Origins of the Sacred Cat of Burma

Such a beautiful cat deserves a beautiful legend about its origins! The story goes that it got its beauty from the intervention of a blue-eyed goddess, who would have rewarded the cat of a priest living in a temple, for its devotion and loyalty to its master. The goddess would have changed her white coat into a magnificent golden dress, and her yellow eyes into blue eyes; the tips of the paws were kept white to symbolize its purity. Beyond the myth, the historical origins of the Burmese are little known. The breed was developed in France following the importation of two cats in 1919, offered to Auguste Pavie by Burmese priests to thank him for his help. The breed, perpetuated by breeding, was recognized in France in 1925.

Character and behavior of the Burmese cat

More than just a cat, the Birman is a "cat-dog": not very shy, he will enjoy sharing his place of life with "his" favorite humans, following them from one room to another, and never not hesitating to capture their attention in search of caresses and when dinner time comes! The Birman has the advantage of being docile and discreet, unlike the Siamese who meows a lot. Of a curious nature, he likes to explore his environment and can sometimes find himself stuck in a closet or in the basement! It is therefore better to know how to keep an eye on the Birman when he goes on a mop around the house. Very affectionate, he loves to be held in the arms and cuddled by young and old; he appreciates contact with dogs, especially for play and for friendly naps.

How to take care of your Sacred Birman: its needs

The Sacred Birman requires regular brushing, not that its fur tends to tangle as we said above, but for the health of its hair and skin, especially during molting. A warm bath can also be helpful to get rid of dead hair, followed by brushing as gently as possible. It is recommended to brush his teeth to prevent gingivitis, at least once a week. We will use a clean and soft textile to wash the corner of his eyes, or cotton soaked in warm water that we will be sure to renew for each eye. Check the condition of his ears every week: if they seem waxy, they will be cleaned with a cotton ball soaked in warm water and 50/50 cider vinegar.

The Sacred Birman or Birman cat - affectionate and easygoing

Feeding the Burmese cat

The diet of the Sacred Birman must be adapted to its weight, age, and degree of physical activity. For an indoor cat, kibble is the best base because it allows the cat to chew and thus keep its teeth healthy. In terms of quantity, it is recommended to speak to your veterinarian, especially following the castration or sterilization of your Birman, which can lead to weight gain when the cat does not exercise much.

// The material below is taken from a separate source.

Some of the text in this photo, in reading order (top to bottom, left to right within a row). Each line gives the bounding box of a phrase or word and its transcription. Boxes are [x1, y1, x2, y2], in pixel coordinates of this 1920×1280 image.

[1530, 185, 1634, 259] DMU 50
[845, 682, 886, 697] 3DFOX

It is therefore important to establish good eating habits, so if the cat asks for a few hours after the meal, you should not give in and wait 24 hours before the next ration. In the meantime, we can occupy it with treats designed for this purpose, and provide it with catnip for example. Always make sure your cat has access to freshwater throughout the day and banish all human food, which is often harmful.

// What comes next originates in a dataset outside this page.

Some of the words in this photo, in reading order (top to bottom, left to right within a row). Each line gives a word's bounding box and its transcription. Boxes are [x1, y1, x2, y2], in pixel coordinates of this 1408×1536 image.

The health of the Sacred Birman

The Birman cat is of rather a robust constitution, unfortunately, it is subject to a certain number of affections in particular beyond the seven years. After this age, it is recommended to switch to a suitable diet with kibble for older cats, in particular, to limit overweight and certain digestive or kidney disorders.

The Birman can suffer from renal dysfunction, most of the time of congenital origin: too much concentration of urea or creatinine in the urine, which can make him suffer and cause incontinence. We will make sure to offer him a clean litter box that he must be able to access day and night. Birman kittens can suffer from spasms, the cause of which remains unknown but which generally disappear spontaneously after the age of 12 weeks.